Collected data
<<<<
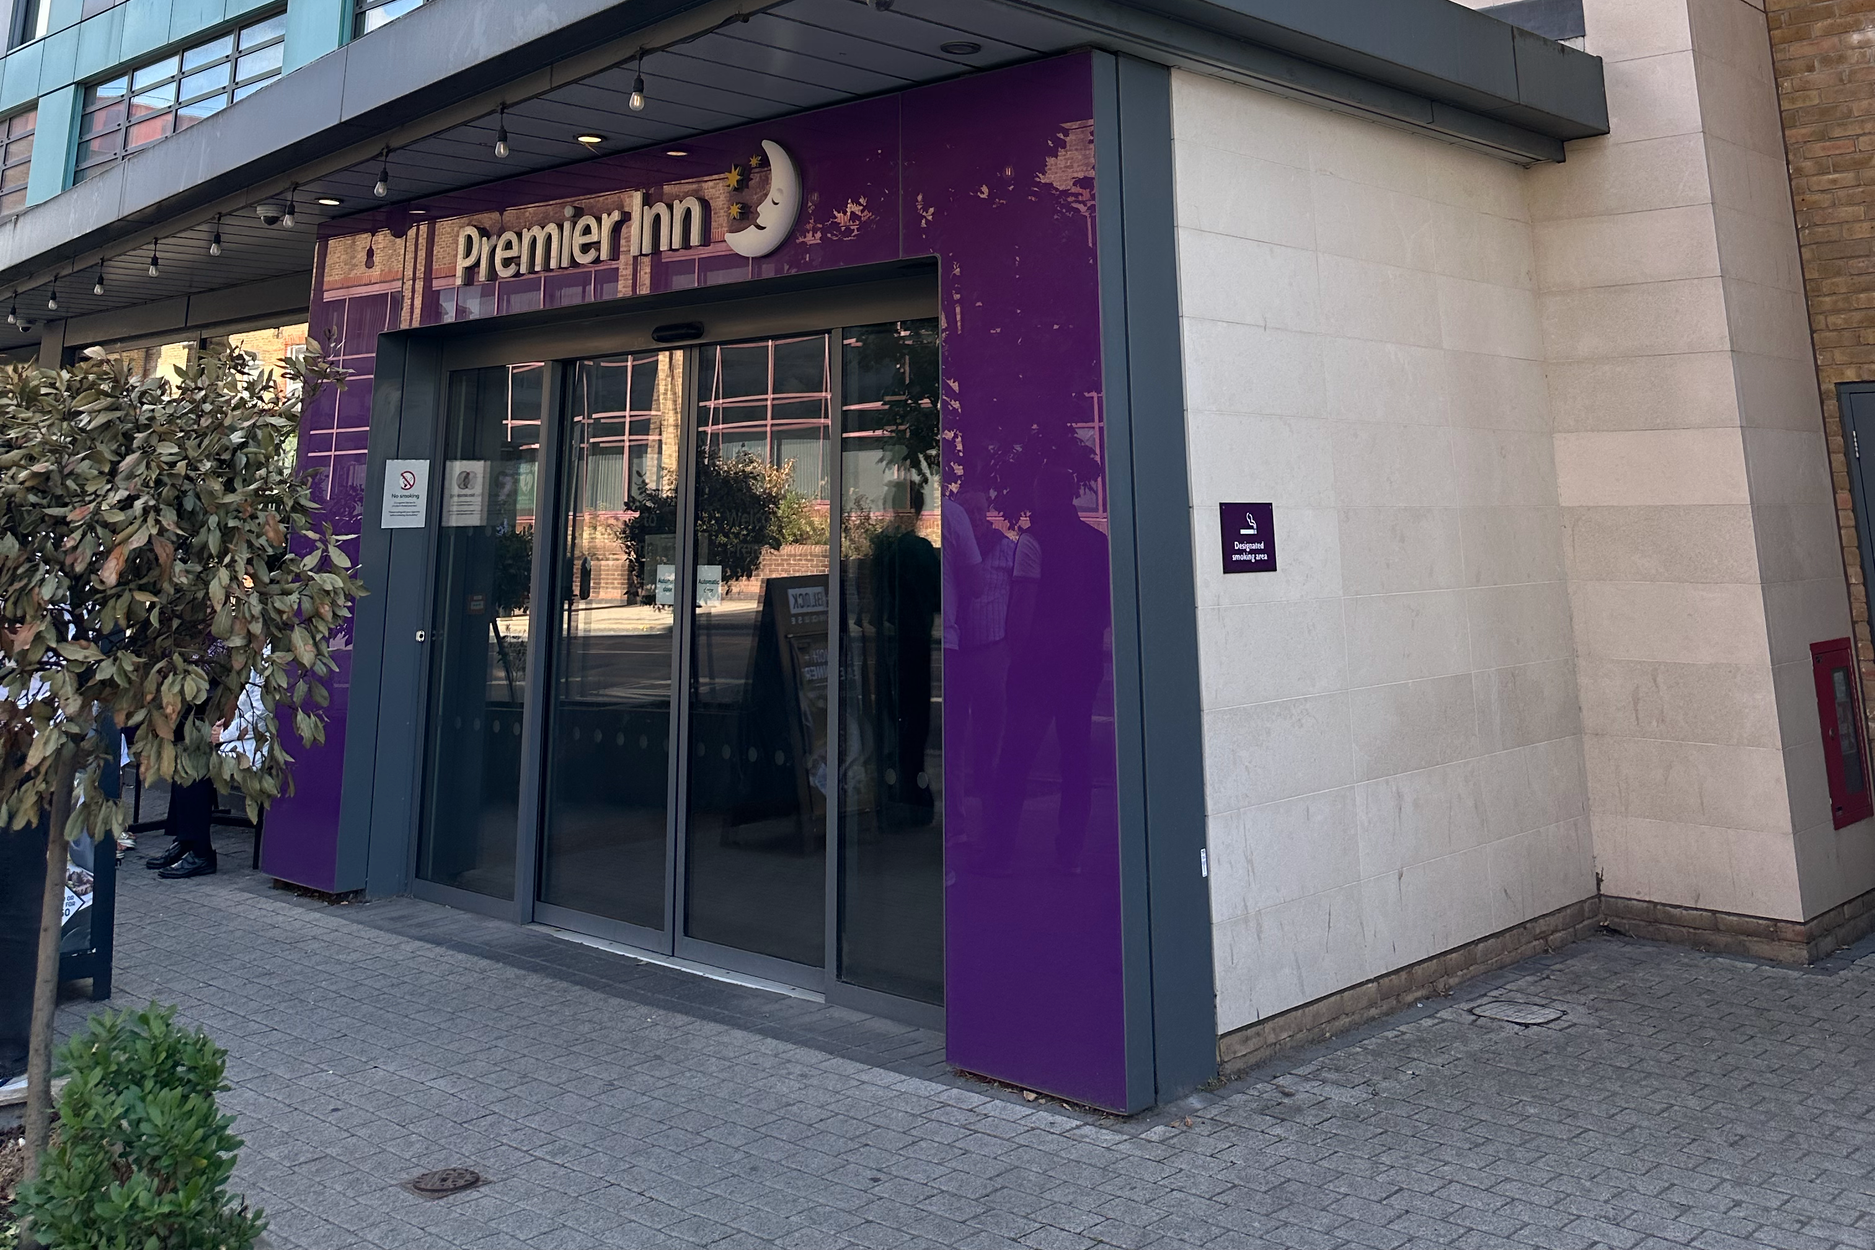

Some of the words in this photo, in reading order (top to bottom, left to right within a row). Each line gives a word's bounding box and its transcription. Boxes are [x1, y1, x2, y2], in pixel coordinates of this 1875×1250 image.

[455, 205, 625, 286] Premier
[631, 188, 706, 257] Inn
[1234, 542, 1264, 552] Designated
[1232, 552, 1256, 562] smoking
>>>>
◆ WHAT THE TASK REQUIRES: Retype every record above word for word, leaving out any pictures.

◆ SOLUTION:
Some of the words in this photo, in reading order (top to bottom, left to right within a row). Each line gives a word's bounding box and its transcription. Boxes are [x1, y1, x2, y2], in pixel coordinates of this 1875×1250 image.

[455, 205, 625, 286] Premier
[631, 188, 706, 257] Inn
[1234, 542, 1264, 552] Designated
[1232, 552, 1256, 562] smoking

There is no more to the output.